Arcadia Lost
The fading garden stares, shadows
the dusty dry where ducklings played
the vacancies where palms once filled the sky
The still nests empty of children, hope.
The clouding sky stares, reflects
The turgid pool, deserted deck,
bikinied youth lost to years.
Shivers suppress anticipation
flaccid as the idle vacuum hose
floating sidled in the murk.
Mourning, I stare, comprehending
dowager-ed graces masking truth;
The figs rot, too many for the few.
The kitchen microwaved, decayed
The plastic breakfast chairs, hollow as the faith
Straining beneath the weight of human dignity.

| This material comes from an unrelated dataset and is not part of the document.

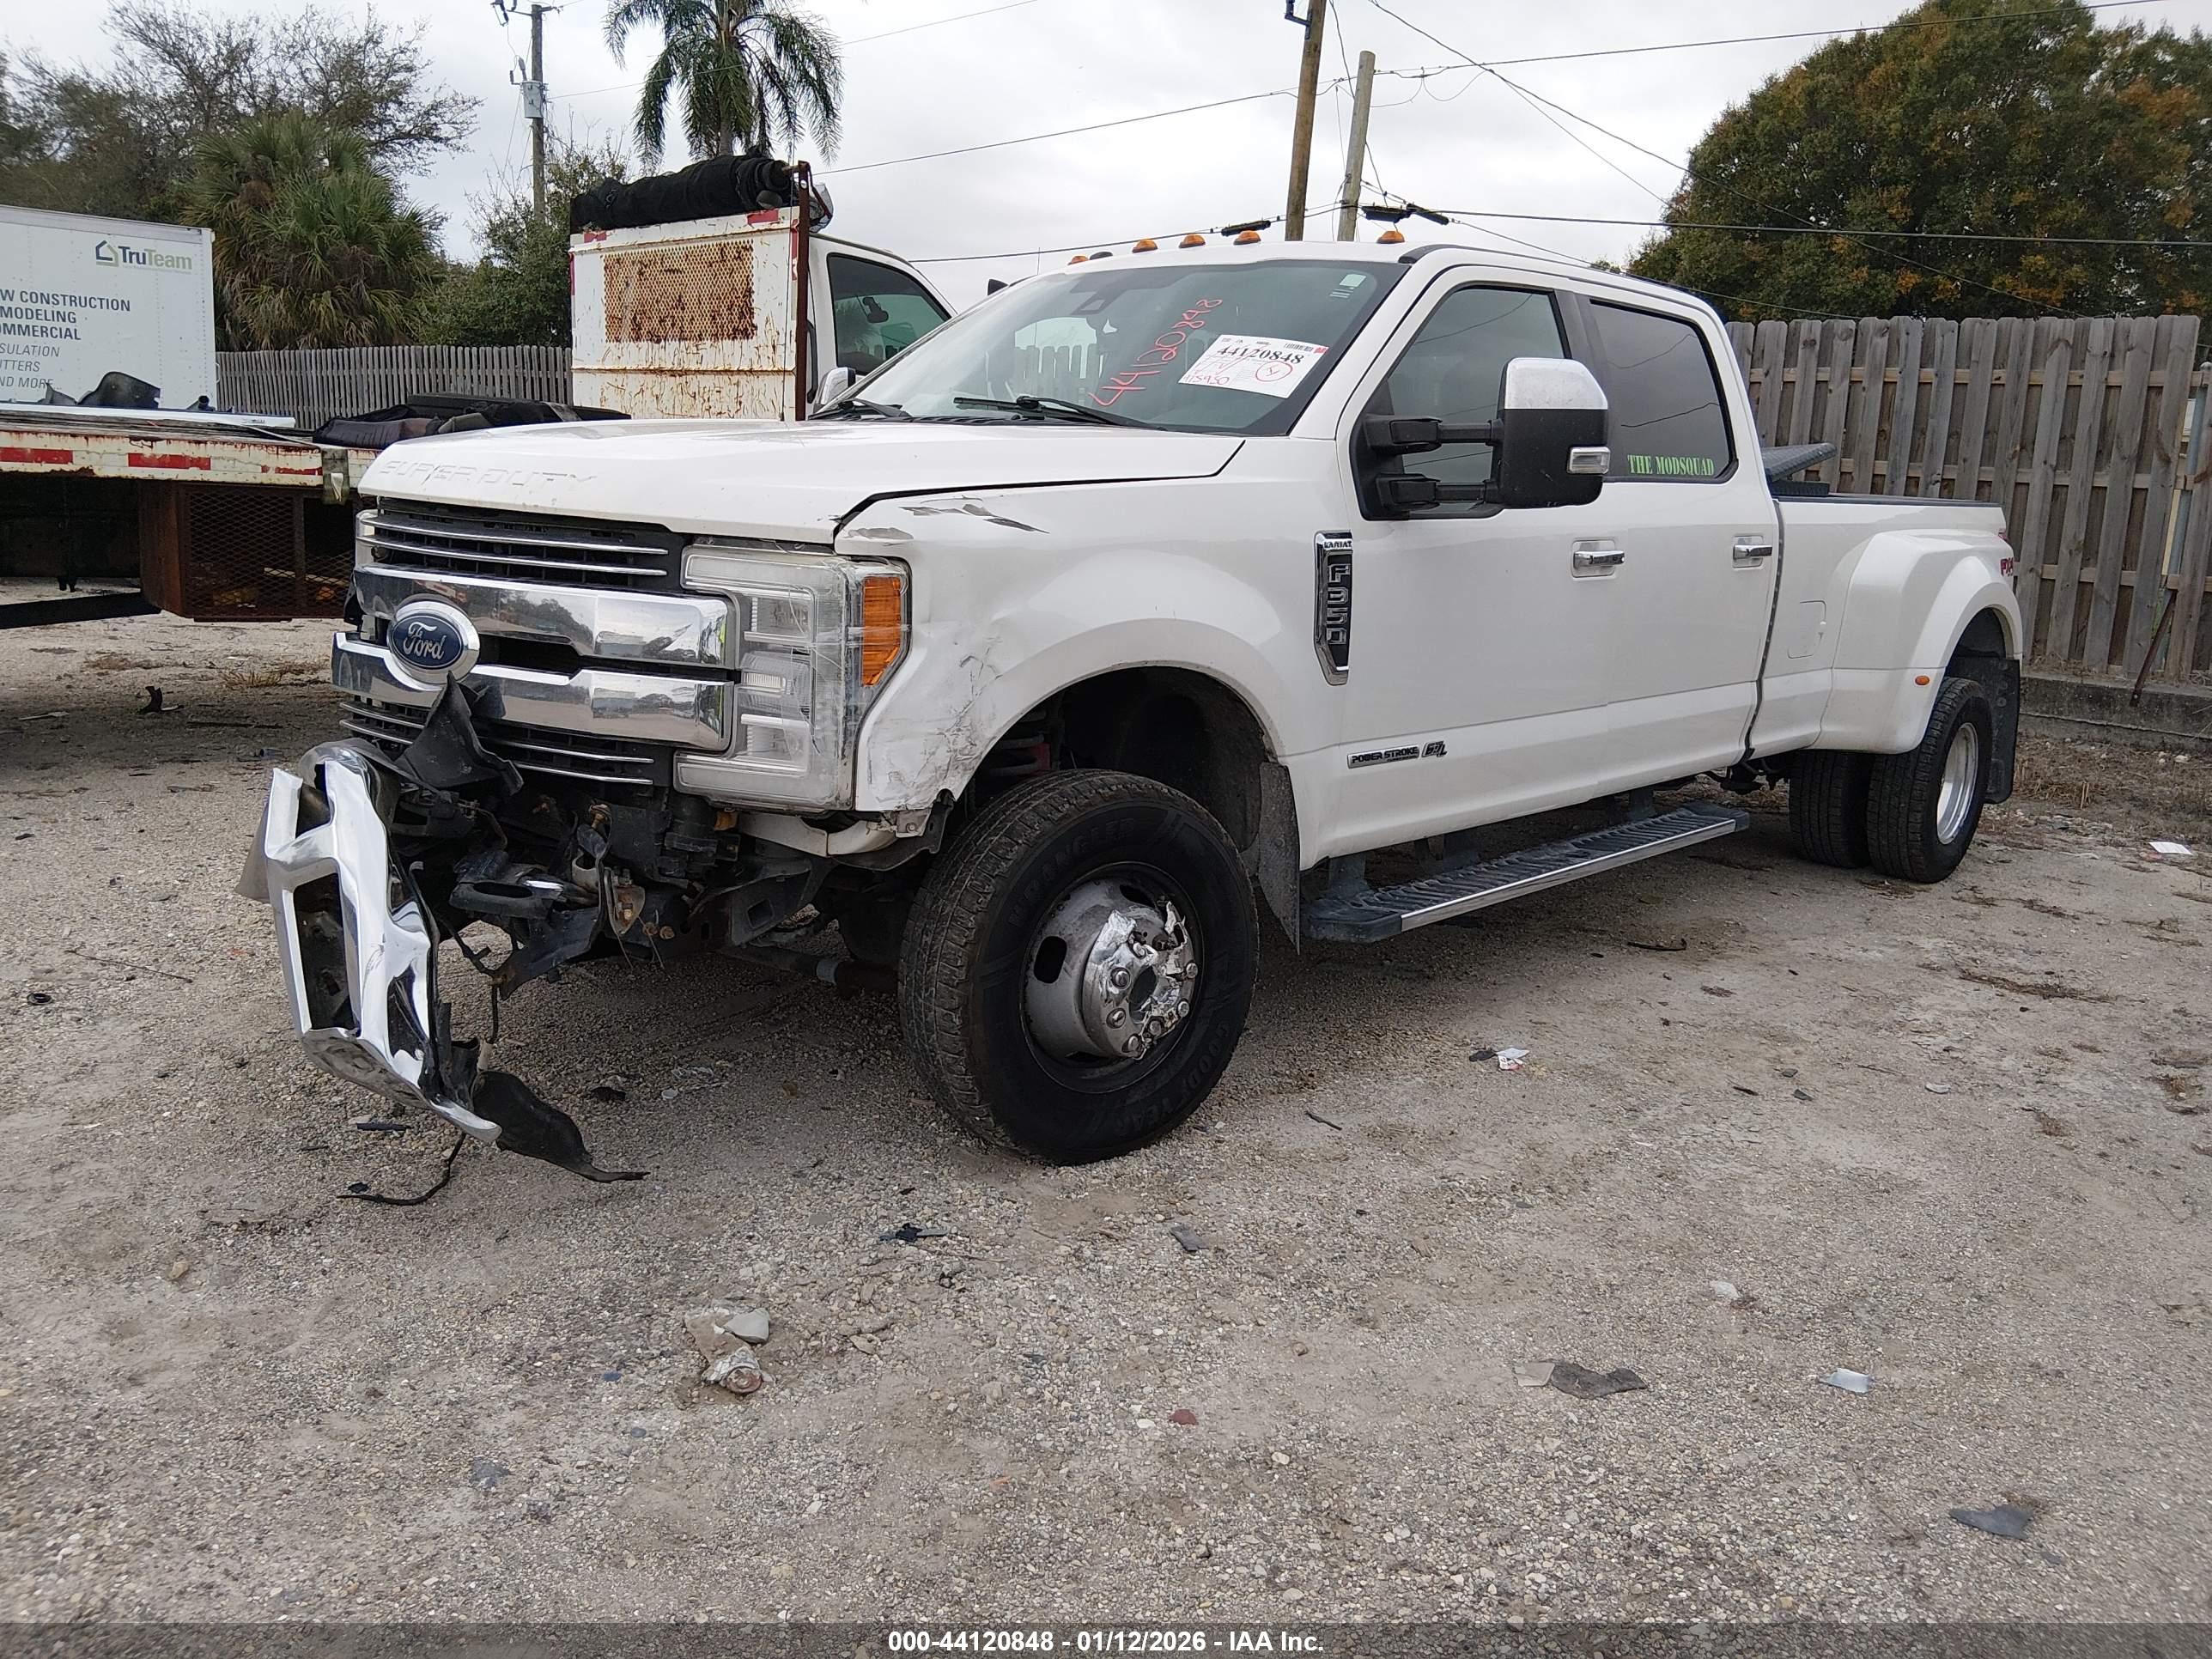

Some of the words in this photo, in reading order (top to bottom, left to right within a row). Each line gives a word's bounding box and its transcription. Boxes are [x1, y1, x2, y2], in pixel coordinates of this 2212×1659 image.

Ants, invading through a poisoned sewage breach
Die by the score, still come, still come, still come. . .
The fat goldfish stares,
breaks the surface, ignores his dying cousin
Eyes a passing fly, caves his dark round mouth, waits
Erases all on the count of three.
About this: For 16 years, home in South Africa has been at Birdwood, a bed and breakfast in a once quiet, gracious, century old neighbourhood, where guests are put up in cottages in a lovely garden behind the family's historic Victorian home.When I first visited, I was enchanted as much by the grace, the friendliness, the easy hospitality, as by the pleasant physical surroundings--the ducks in the little pond, the fountains tucked into the landscaping, the towering palms. For all these years, Birdwood's host, Santie, her partner, her children and theirs, have become something of an adopted family to me, and have provided a sense of belonging while I was engaged in a foreign culture.
On the surface, Birdwood is the same, and the welcome is as warm as ever. But look closely, and the signs of time's passage are indelible, etched in the gardens that give it is name.